Adresse permanente : https://www.biusante.parisdescartes.fr/patin/?do=pg&let=0671

(Consulté le 29/03/2024)

 

Monsieur, [a][1]

J’ai vu des hommes qui tenaient pour certain que le cardinal Mazarin [2] est bien malade, mais que l’on celait cette grandeur de sa maladie tant que l’on pouvait ; qu’il n’en fallait croire ni médecins de cour (qui tous n’en disent rien d’assuré et n’en parlent qu’en biaisant, selon l’ordre qu’ils ont reçu), ni aucun homme de chez de roi. Vous savez bien que les grands font mystère de toutes leurs affaires, mais la mort viendra qui lèvera le voile et découvrira tout ; et même cette mort est un mystère à ce que dit Marc Antonin [3][4] en son livre quatrième De Rebus suis, vel de se ipso, ad se ipsum, voici ces beaux mots : Tale quiddam mors est, quale nativitas, naturæ utrumque mysterium est, φυσεως μυστηριον. [1] Le roi [5] a répété son ballet [6] par deux fois pour le danser devant la reine d’Angleterre [7] quand elle sera arrivée. [2] J’apprends que Astrologia Gallica du sieur Jean Morin [8] natif de Villefranche en Beaujolais, [9] jadis docteur en médecine de Valence, [10] professeur du roi ès mathématiques dans notre Collège royal[11] est enfin achevé à La Haye [12] en Hollande. [3] L’on m’a dit qu’il y a bien là-dedans des injures contre les médecins de Paris, et les autres aussi, qui ne veulent admettre ni l’astrologie [13] judiciaire, ni la chimie ; [14] et je ne m’en étonne pas car cet homme était fou. Ce sont deux volumes in‑fo, pour l’édition desquels la reine de Pologne [15] a donné 2 000 écus à la recommandation d’un sien secrétaire qui aime l’astrologie. Voilà comment les princes sont trompés ; si c’était un bon livre qui pût être utile au public, on ne trouverait point d’imprimeur [16] ni personne qui s’en voulût charger.

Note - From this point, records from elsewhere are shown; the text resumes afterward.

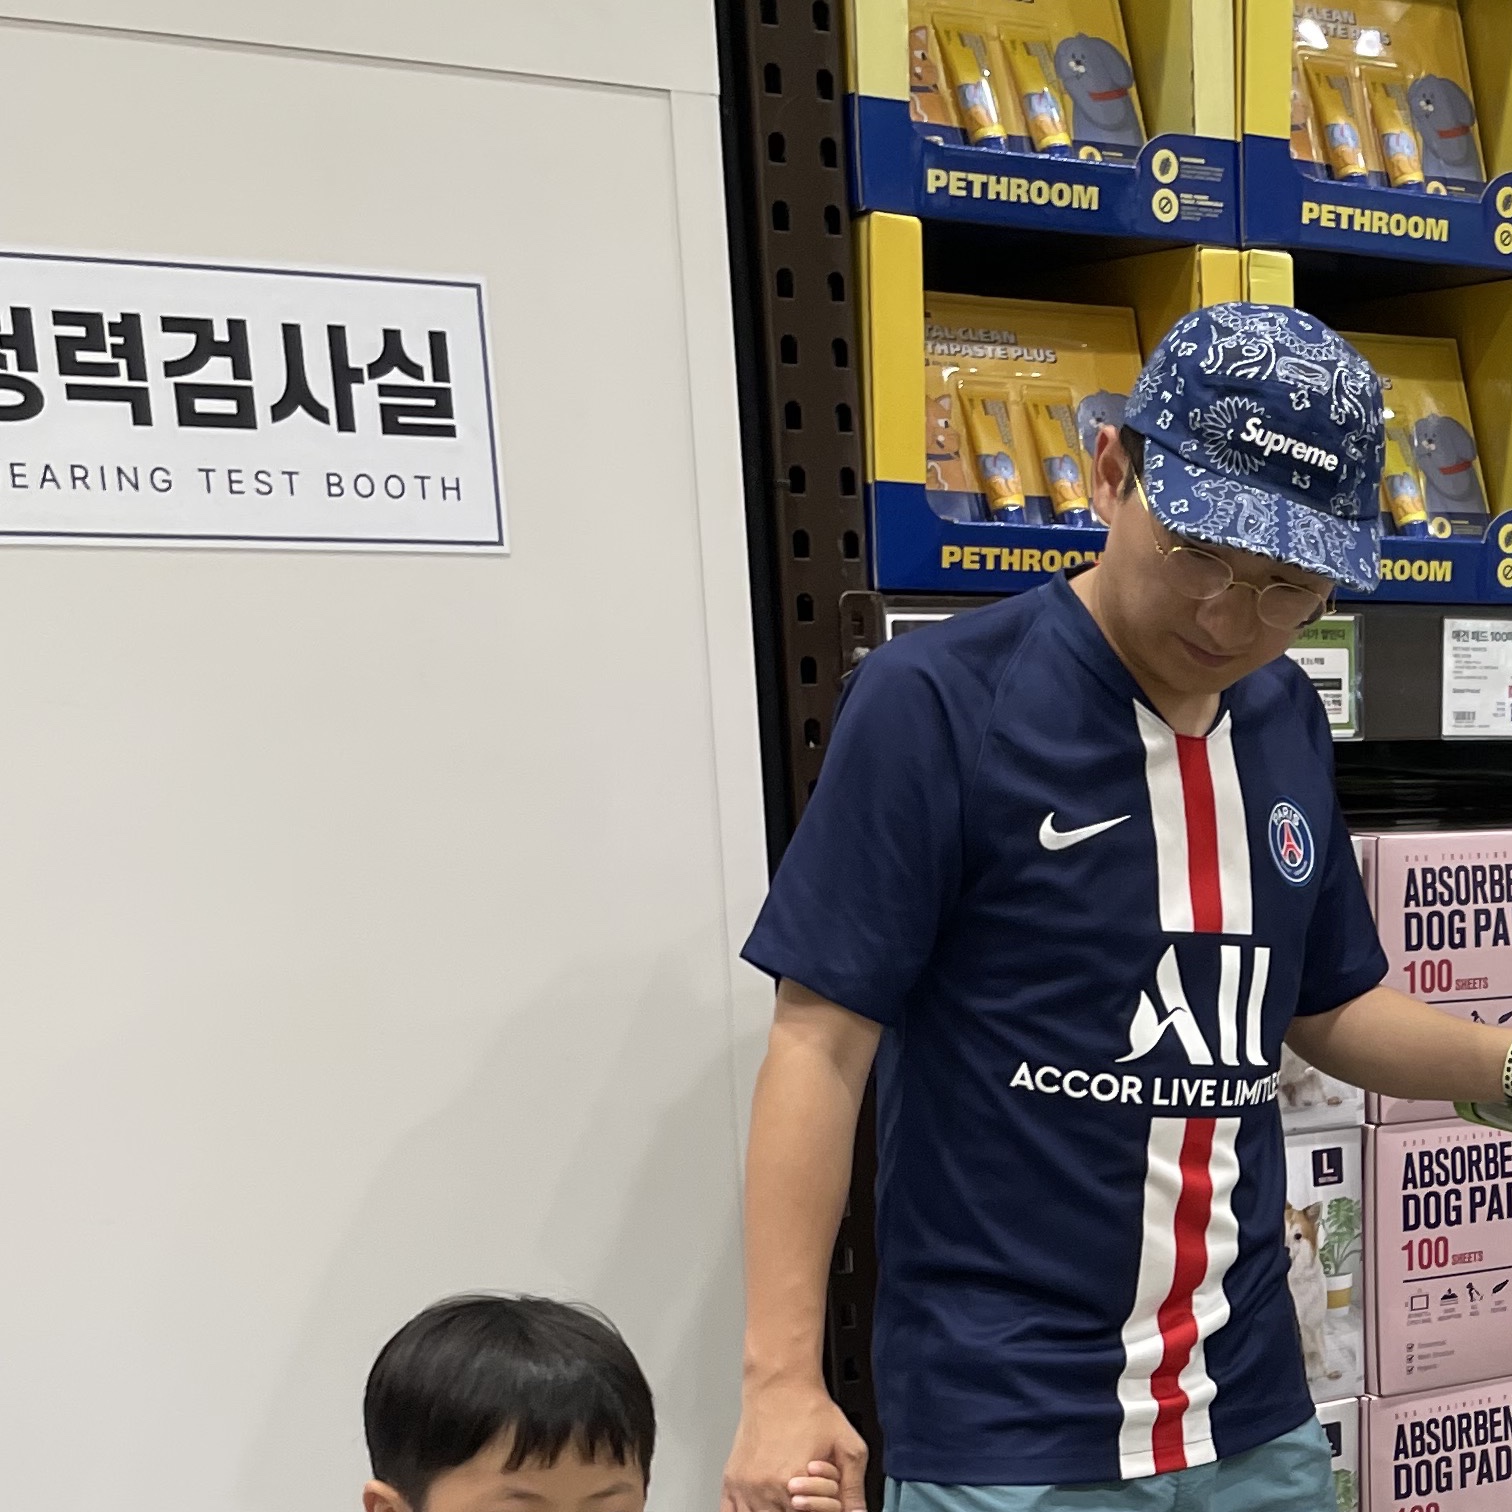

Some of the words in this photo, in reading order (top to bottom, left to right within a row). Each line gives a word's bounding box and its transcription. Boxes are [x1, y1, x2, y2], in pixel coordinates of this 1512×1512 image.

[926, 168, 1100, 211] PETHROOM
[1301, 202, 1449, 243] PETHROOM
[1012, 347, 1057, 364] PLUS
[1240, 417, 1339, 473] Supreme
[10, 462, 174, 493] EARING
[198, 467, 300, 497] TEST
[326, 472, 462, 501] BOOTH
[1381, 557, 1453, 582] ROOM
[1404, 910, 1473, 952] DOG
[1403, 959, 1453, 994] 100
[1455, 976, 1489, 991] SHEETS
[1010, 1061, 1143, 1105] ACCOR
[1153, 1077, 1217, 1106] LIVE
[1221, 1073, 1280, 1107] LIMITE
[1322, 1152, 1335, 1174] L
[1402, 1191, 1462, 1232] DOG
[1401, 1236, 1449, 1272] 100
[1451, 1250, 1484, 1266] SHEETS
[1394, 1455, 1453, 1500] DOG
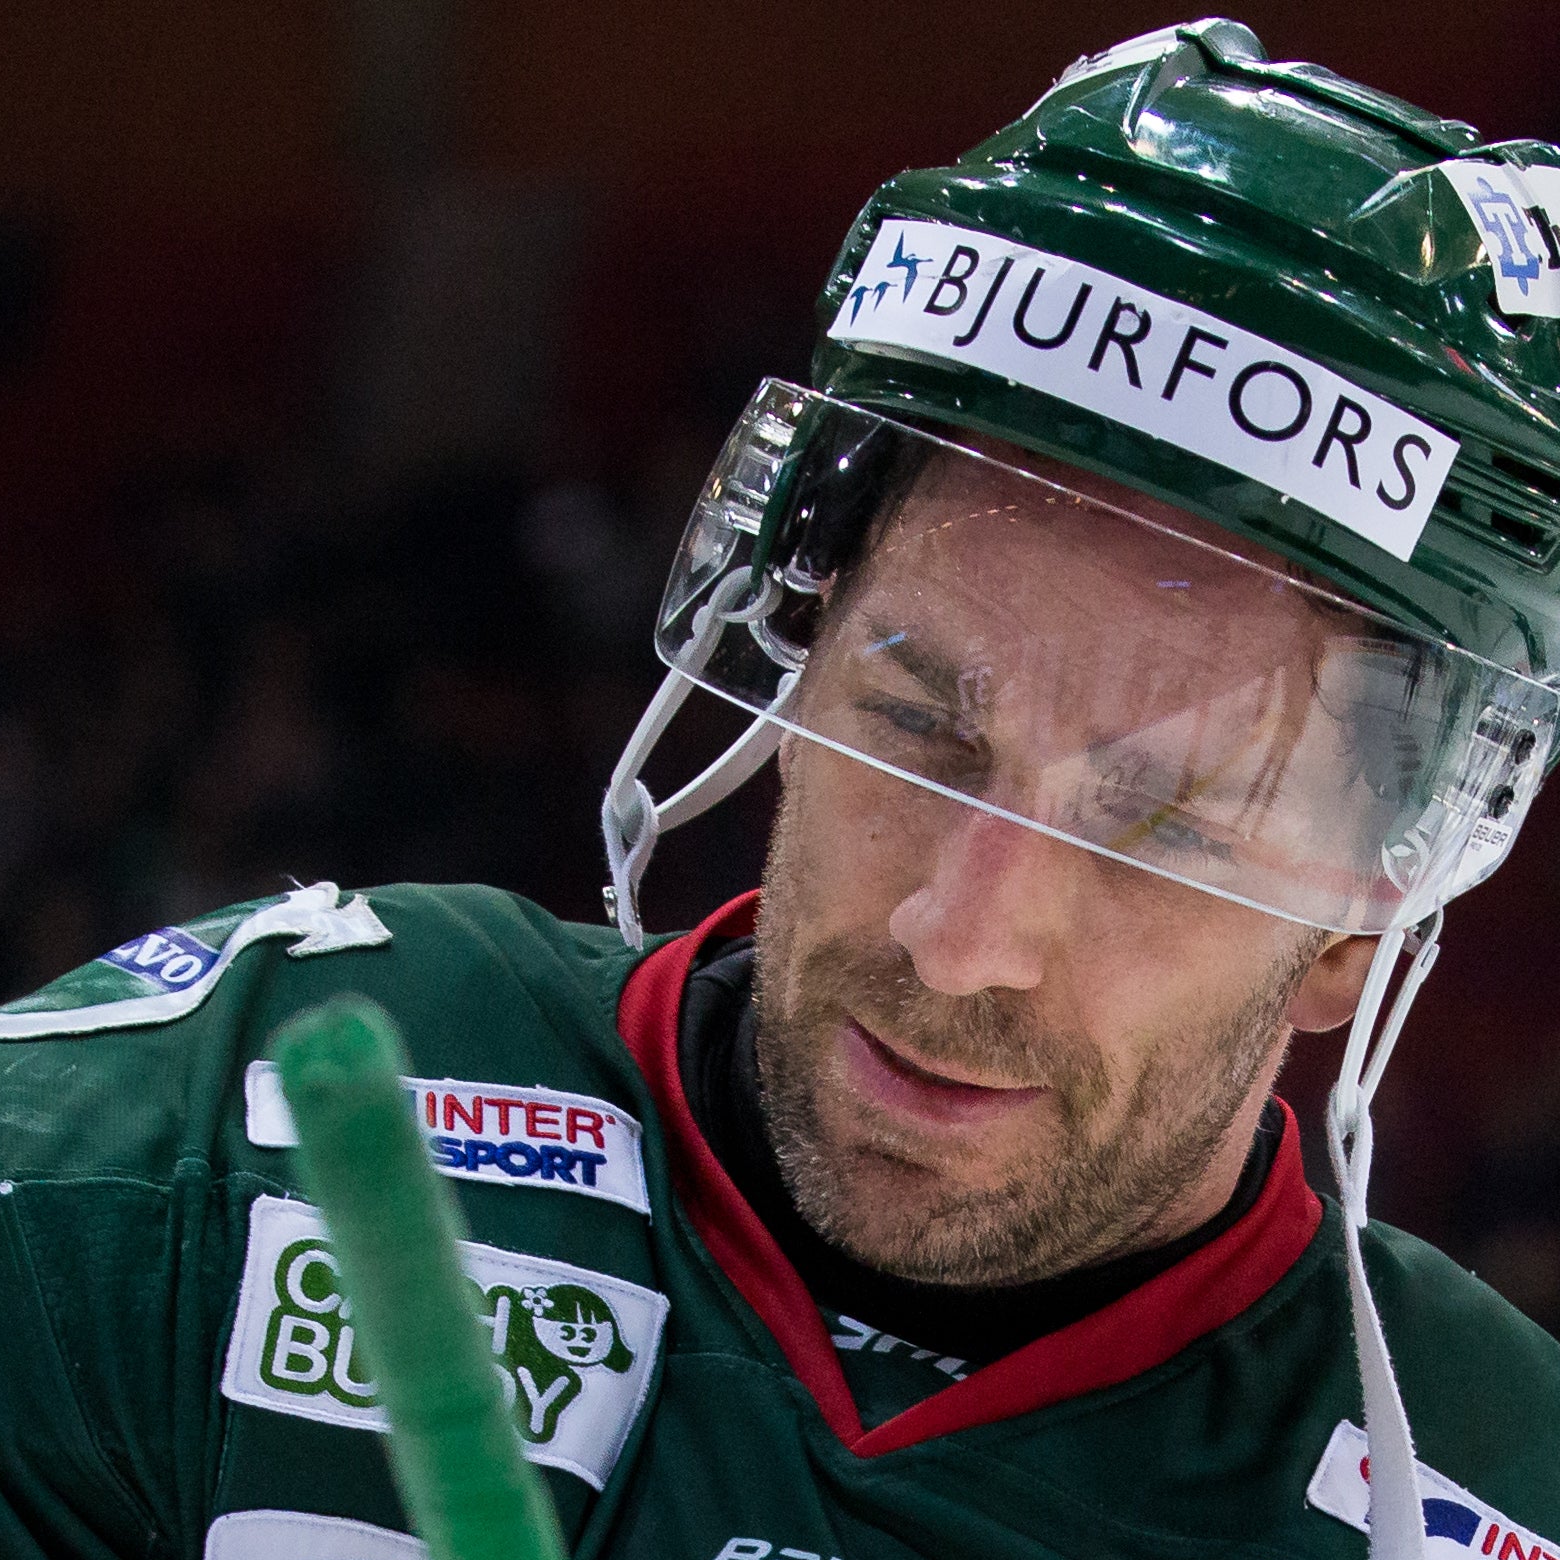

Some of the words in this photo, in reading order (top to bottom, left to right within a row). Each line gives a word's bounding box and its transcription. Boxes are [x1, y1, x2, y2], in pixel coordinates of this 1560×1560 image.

[925, 246, 1432, 512] BJURFORS
[426, 1091, 605, 1149] INTER
[430, 1135, 607, 1187] SPORT
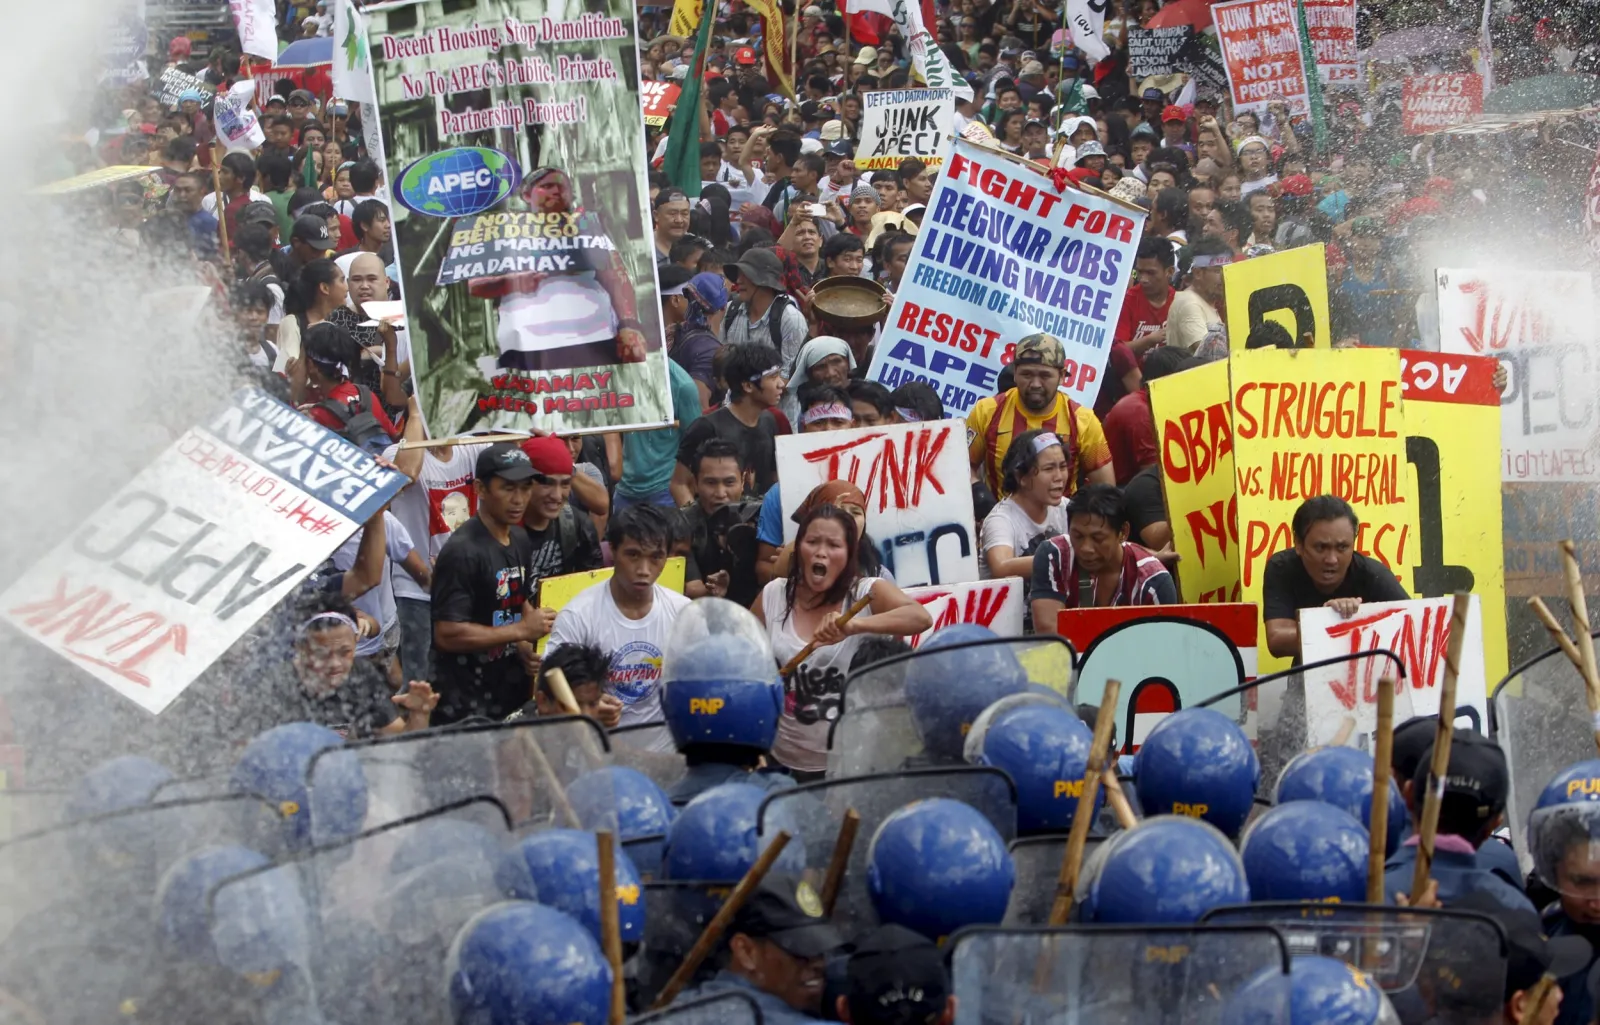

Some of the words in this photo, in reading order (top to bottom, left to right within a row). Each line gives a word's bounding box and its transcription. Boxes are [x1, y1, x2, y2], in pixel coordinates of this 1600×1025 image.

[383, 30, 434, 60] Decent
[438, 23, 502, 53] Housing,
[505, 19, 536, 48] Stop
[541, 14, 626, 41] Demolition.
[1221, 6, 1254, 32] JUNK
[1255, 2, 1290, 27] APEC!
[1263, 27, 1298, 55] Health
[402, 74, 423, 99] No
[426, 71, 445, 95] To
[449, 62, 505, 93] APEC's
[507, 58, 555, 87] Public,
[560, 55, 617, 82] Private,
[1239, 77, 1298, 100] PROFIT!
[1242, 61, 1285, 80] NOT
[441, 100, 523, 135] Partnership
[526, 98, 578, 127] Project
[866, 91, 903, 108] DEFEND
[905, 89, 953, 103] PATRIMONY!
[876, 105, 941, 138] JUNK
[871, 132, 940, 156] APEC!
[427, 168, 491, 196] APEC
[947, 153, 1061, 218] FIGHT
[1063, 203, 1135, 244] FOR
[472, 212, 581, 231] NOYNOY
[932, 187, 1052, 264] REGULAR
[1047, 235, 1122, 286] JOBS
[450, 243, 485, 259] NG
[921, 228, 1020, 291] LIVING
[1024, 267, 1112, 322] WAGE
[912, 263, 989, 307] FREEDOM
[988, 290, 1011, 314] OF
[1008, 297, 1105, 349] ASSOCIATION
[1458, 279, 1554, 353] JUN
[888, 338, 998, 391] APE
[897, 301, 1001, 360] RESIST
[1061, 358, 1096, 392] OP
[478, 395, 537, 416] Metro
[543, 391, 635, 414] Manila
[491, 371, 612, 394] KADAMAY
[1488, 343, 1594, 436] PEC
[243, 388, 328, 450] MANILA
[1236, 380, 1398, 439] STRUGGLE
[210, 406, 378, 512] BAYAN
[320, 438, 396, 489] METRO
[1163, 400, 1233, 485] OBA
[1503, 446, 1596, 477] ightAPEC
[802, 427, 951, 513] JUNK
[1237, 465, 1264, 496] VS.
[1269, 452, 1405, 506] NEOLIBERAL
[73, 490, 306, 622] APEC
[9, 575, 188, 687] JUNK
[1325, 605, 1452, 711] JUNK
[689, 698, 725, 715] PNP
[1172, 802, 1209, 819] PNP
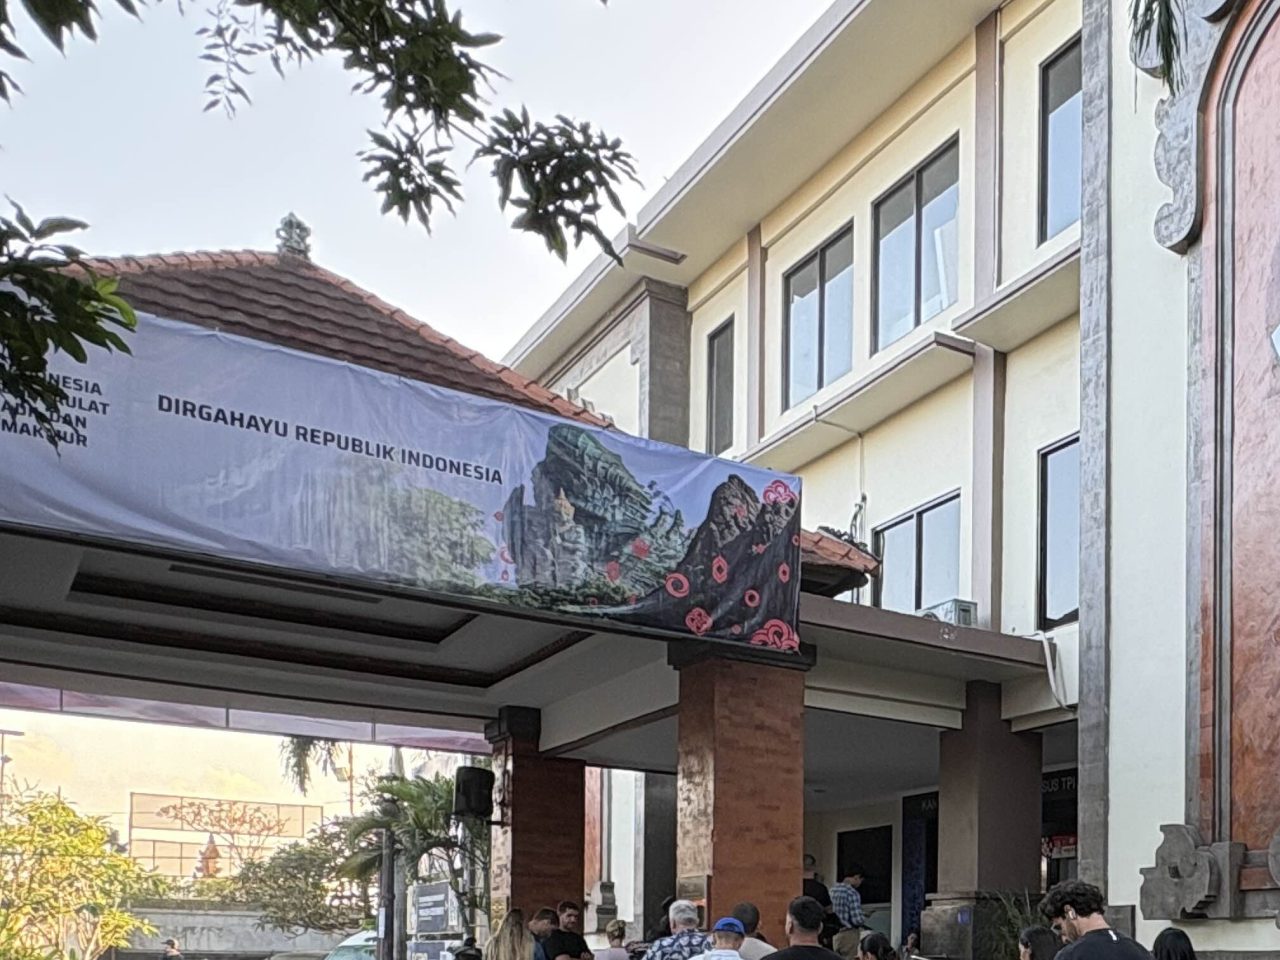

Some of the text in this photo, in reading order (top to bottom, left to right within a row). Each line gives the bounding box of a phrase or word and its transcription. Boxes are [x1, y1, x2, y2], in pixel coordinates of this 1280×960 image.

La rivière est ici fort basse et il y fait aussi doux que dans la fin du mois d’avril, et grassantur morbi verni, rheumatismi, podagrici, nephriticique dolores, sed paucæ febres assiduæ[4][17][18] Je commencerai, Dieu aidant, mes leçons [19] mardi prochain. L’anatomie [20] du voleur s’en va être achevée, à laquelle Noël Falconet [21] a soigneusement assisté, et il m’en dit tous les jours des nouvelles ; vous savez que c’est l’œil de la médecine. [5]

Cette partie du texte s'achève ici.